### [What to produce]
In your copy of the data, keep every word exact and include no pictures.

(Data supplied)

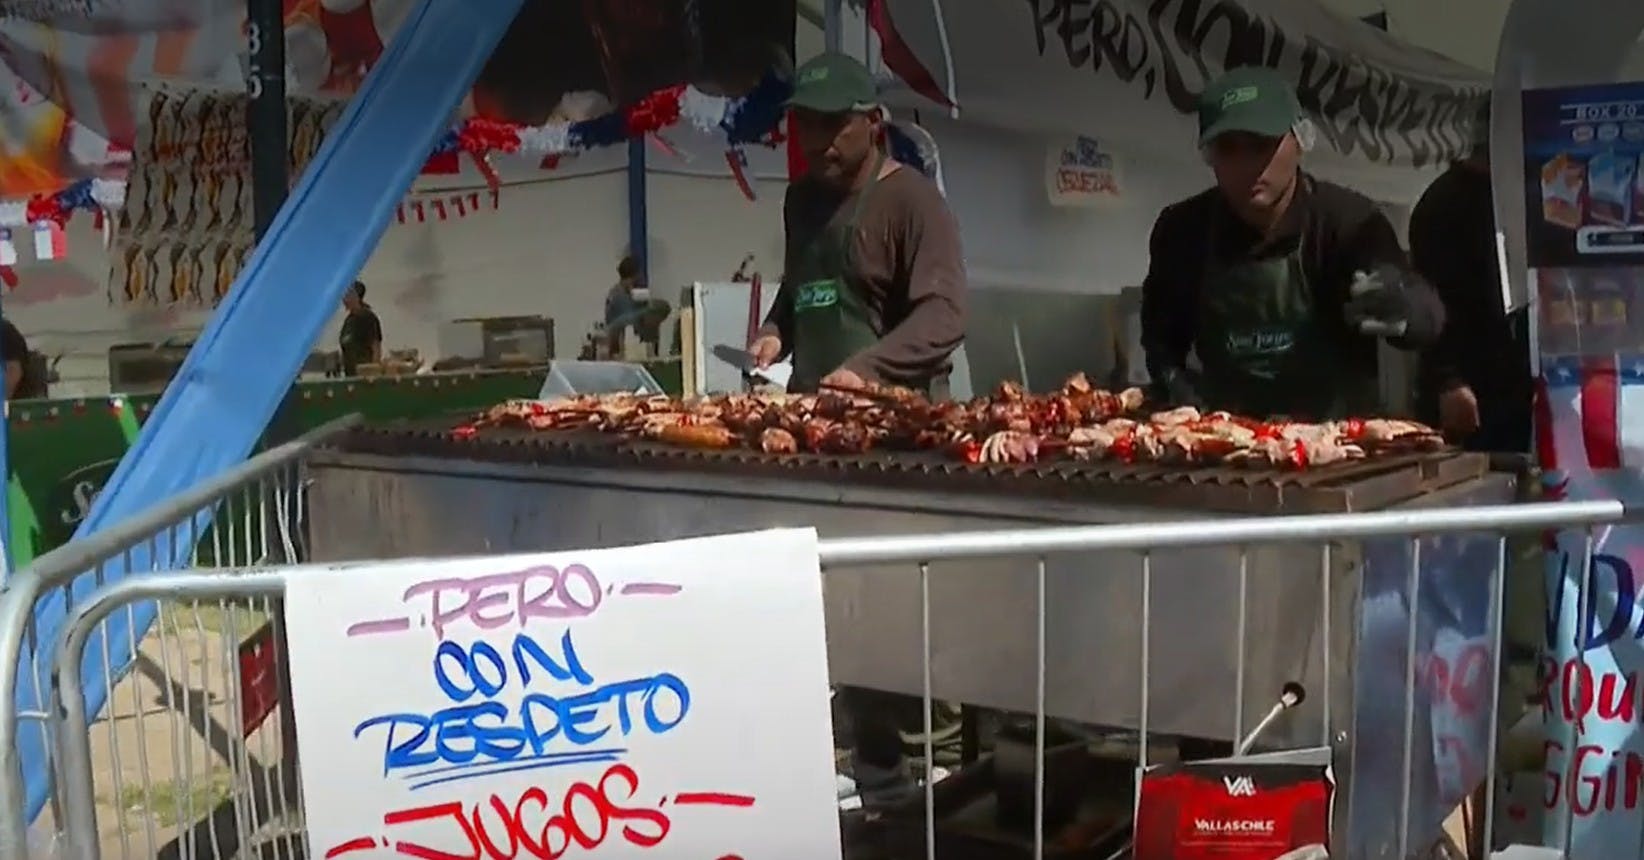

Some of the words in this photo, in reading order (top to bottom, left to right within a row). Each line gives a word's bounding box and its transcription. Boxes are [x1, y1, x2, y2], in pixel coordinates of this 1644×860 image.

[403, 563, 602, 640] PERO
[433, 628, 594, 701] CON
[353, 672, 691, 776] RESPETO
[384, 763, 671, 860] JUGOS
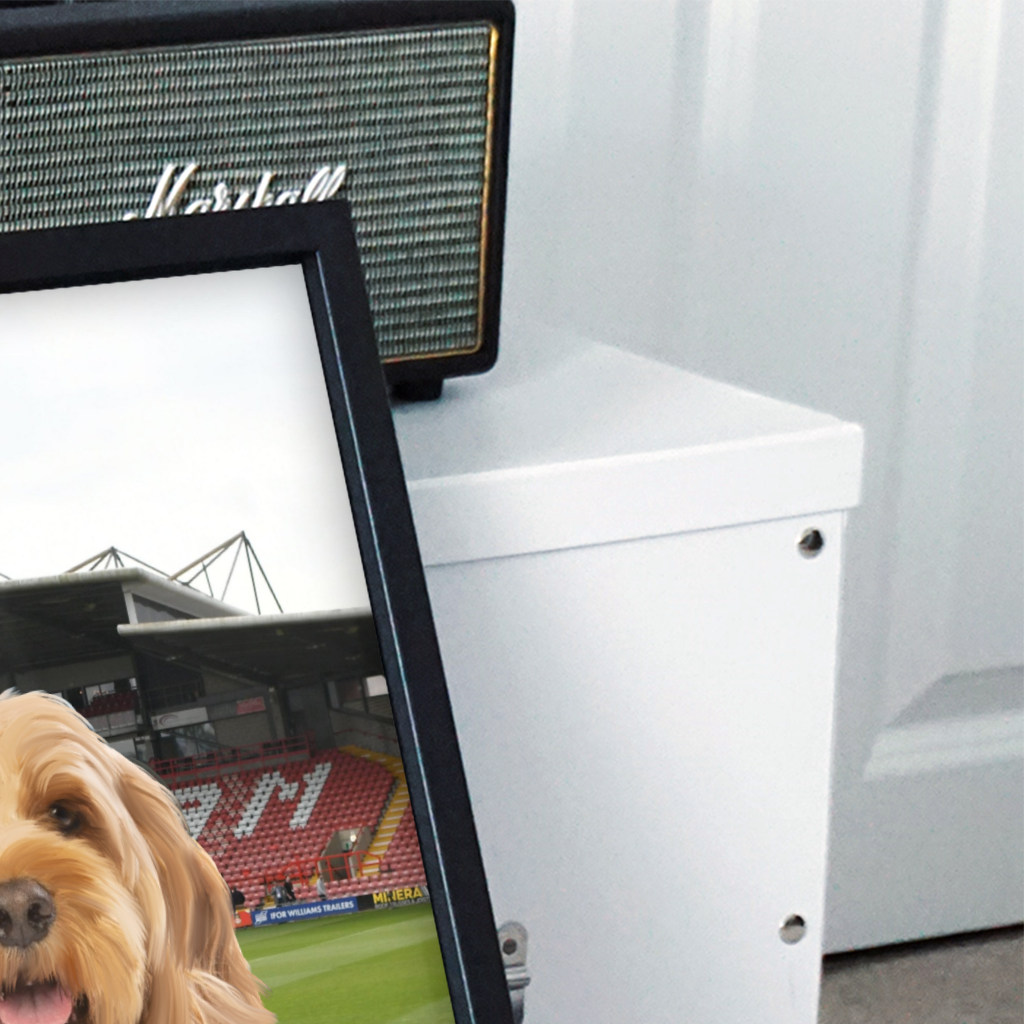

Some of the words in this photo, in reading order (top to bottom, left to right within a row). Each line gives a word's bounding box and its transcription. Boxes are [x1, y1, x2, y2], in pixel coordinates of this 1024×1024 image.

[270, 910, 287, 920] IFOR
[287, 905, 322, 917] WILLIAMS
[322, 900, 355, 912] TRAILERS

(End Data supplied)

### [Result]
Some of the words in this photo, in reading order (top to bottom, left to right within a row). Each line gives a word's bounding box and its transcription. Boxes are [x1, y1, x2, y2], in pixel coordinates of this 1644×860 image.

[403, 563, 602, 640] PERO
[433, 628, 594, 701] CON
[353, 672, 691, 776] RESPETO
[384, 763, 671, 860] JUGOS

Some of the words in this photo, in reading order (top to bottom, left to right within a row). Each line gives a word's bounding box and its transcription. Boxes are [x1, y1, x2, y2], in pixel coordinates of this 1024×1024 image.

[270, 910, 287, 920] IFOR
[287, 905, 322, 917] WILLIAMS
[322, 900, 355, 912] TRAILERS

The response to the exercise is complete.